Exercise directions:
Emit the line that holds "this 2048×1365 image." and all lines following it through the end of the data, verbatim, and nothing else.

Free-text object descriptions:
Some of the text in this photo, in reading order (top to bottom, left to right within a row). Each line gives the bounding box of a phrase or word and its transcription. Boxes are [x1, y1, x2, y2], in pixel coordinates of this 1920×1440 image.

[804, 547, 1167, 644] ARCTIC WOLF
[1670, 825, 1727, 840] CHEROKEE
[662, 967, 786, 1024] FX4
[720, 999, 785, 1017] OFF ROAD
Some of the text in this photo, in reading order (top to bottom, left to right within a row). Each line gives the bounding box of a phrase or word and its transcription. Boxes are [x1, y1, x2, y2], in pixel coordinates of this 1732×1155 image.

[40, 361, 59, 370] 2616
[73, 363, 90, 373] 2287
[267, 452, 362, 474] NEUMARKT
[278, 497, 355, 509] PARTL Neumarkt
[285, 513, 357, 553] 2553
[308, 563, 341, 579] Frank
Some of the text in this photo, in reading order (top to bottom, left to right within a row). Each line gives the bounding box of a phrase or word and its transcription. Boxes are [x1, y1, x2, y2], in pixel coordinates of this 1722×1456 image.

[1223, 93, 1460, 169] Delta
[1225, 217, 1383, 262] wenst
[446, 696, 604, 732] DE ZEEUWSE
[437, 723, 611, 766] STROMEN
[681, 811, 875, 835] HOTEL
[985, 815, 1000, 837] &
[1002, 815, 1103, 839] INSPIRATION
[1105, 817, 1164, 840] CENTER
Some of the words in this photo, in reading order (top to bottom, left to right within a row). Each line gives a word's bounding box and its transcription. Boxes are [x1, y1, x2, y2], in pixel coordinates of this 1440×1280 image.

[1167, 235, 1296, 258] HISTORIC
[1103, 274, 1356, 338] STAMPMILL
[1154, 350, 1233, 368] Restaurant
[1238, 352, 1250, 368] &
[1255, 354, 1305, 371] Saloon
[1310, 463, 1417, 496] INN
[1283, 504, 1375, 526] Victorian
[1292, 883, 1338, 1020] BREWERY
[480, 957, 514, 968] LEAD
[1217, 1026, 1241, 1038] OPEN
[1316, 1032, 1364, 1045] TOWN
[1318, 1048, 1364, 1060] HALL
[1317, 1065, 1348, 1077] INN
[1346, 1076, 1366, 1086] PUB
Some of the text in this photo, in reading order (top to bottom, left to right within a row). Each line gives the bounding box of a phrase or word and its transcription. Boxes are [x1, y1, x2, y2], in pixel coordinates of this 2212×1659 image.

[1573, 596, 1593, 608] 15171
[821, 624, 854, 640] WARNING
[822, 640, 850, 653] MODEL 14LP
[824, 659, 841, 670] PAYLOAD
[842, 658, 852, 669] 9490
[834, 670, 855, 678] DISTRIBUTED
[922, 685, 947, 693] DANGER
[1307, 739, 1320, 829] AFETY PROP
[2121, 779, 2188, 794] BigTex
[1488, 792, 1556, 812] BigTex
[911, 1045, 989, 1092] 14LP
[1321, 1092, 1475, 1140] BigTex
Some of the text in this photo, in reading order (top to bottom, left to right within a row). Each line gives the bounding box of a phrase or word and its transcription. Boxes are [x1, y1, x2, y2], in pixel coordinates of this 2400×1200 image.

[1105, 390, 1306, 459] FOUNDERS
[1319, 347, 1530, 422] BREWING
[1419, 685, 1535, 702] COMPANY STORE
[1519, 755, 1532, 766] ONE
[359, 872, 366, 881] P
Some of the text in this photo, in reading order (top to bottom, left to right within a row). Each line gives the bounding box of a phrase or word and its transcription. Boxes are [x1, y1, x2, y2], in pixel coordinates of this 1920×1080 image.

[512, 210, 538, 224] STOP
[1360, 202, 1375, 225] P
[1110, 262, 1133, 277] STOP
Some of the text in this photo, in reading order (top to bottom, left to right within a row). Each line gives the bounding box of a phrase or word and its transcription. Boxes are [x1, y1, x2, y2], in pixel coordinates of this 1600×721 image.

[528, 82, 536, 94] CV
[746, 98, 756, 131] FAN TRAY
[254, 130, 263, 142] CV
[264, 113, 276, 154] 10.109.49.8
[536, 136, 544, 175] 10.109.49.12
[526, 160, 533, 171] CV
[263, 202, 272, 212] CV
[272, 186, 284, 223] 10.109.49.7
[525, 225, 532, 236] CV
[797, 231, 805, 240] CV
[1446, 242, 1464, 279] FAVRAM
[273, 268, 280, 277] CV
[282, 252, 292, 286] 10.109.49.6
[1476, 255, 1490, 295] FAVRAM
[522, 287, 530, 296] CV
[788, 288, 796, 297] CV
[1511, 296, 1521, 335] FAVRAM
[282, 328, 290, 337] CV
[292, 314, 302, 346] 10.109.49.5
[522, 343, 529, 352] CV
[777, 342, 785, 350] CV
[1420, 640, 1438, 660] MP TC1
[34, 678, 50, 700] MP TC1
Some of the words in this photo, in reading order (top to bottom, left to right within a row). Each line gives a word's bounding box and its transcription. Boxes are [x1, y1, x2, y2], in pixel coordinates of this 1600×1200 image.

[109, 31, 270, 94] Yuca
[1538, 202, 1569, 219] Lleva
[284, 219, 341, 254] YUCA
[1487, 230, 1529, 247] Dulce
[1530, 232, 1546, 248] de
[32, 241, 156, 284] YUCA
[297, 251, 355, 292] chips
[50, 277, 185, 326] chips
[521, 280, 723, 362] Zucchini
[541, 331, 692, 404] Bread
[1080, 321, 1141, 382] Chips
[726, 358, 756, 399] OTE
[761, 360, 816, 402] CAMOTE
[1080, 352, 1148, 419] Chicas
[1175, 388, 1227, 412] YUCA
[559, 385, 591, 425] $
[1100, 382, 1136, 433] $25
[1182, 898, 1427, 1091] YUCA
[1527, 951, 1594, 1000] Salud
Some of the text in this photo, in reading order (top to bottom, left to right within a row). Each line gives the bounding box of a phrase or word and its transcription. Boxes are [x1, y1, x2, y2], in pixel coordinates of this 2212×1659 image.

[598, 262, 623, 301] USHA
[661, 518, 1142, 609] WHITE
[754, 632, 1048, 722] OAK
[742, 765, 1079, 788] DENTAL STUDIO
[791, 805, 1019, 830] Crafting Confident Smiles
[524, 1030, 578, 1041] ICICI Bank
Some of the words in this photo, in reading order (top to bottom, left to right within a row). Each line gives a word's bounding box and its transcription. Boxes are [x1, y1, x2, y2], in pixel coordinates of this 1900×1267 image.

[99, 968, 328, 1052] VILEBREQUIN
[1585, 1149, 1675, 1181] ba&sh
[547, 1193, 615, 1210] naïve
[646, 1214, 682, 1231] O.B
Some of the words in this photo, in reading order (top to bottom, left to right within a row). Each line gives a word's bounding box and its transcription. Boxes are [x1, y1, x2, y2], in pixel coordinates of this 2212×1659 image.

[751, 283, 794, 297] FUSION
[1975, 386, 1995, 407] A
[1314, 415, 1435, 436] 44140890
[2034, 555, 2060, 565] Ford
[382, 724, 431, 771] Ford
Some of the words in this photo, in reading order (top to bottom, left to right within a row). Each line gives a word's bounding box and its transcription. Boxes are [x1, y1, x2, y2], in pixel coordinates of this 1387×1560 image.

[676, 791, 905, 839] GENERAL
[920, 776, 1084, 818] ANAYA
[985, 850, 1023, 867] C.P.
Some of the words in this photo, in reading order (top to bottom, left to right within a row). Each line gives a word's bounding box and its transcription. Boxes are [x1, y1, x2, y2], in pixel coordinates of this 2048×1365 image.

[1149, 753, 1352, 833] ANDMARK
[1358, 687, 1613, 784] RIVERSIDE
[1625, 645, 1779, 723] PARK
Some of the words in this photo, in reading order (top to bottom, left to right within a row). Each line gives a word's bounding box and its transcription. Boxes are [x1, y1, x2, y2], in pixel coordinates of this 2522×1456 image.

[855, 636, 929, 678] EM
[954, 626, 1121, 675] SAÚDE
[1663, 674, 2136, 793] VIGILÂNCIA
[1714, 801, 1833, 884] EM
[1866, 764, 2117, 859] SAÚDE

Task solution:
Some of the words in this photo, in reading order (top to bottom, left to right within a row). Each line gives a word's bounding box and its transcription. Boxes are [x1, y1, x2, y2], in pixel coordinates of this 2048×1365 image.

[1149, 753, 1352, 833] ANDMARK
[1358, 687, 1613, 784] RIVERSIDE
[1625, 645, 1779, 723] PARK
Some of the words in this photo, in reading order (top to bottom, left to right within a row). Each line gives a word's bounding box and its transcription. Boxes are [x1, y1, x2, y2], in pixel coordinates of this 2522×1456 image.

[855, 636, 929, 678] EM
[954, 626, 1121, 675] SAÚDE
[1663, 674, 2136, 793] VIGILÂNCIA
[1714, 801, 1833, 884] EM
[1866, 764, 2117, 859] SAÚDE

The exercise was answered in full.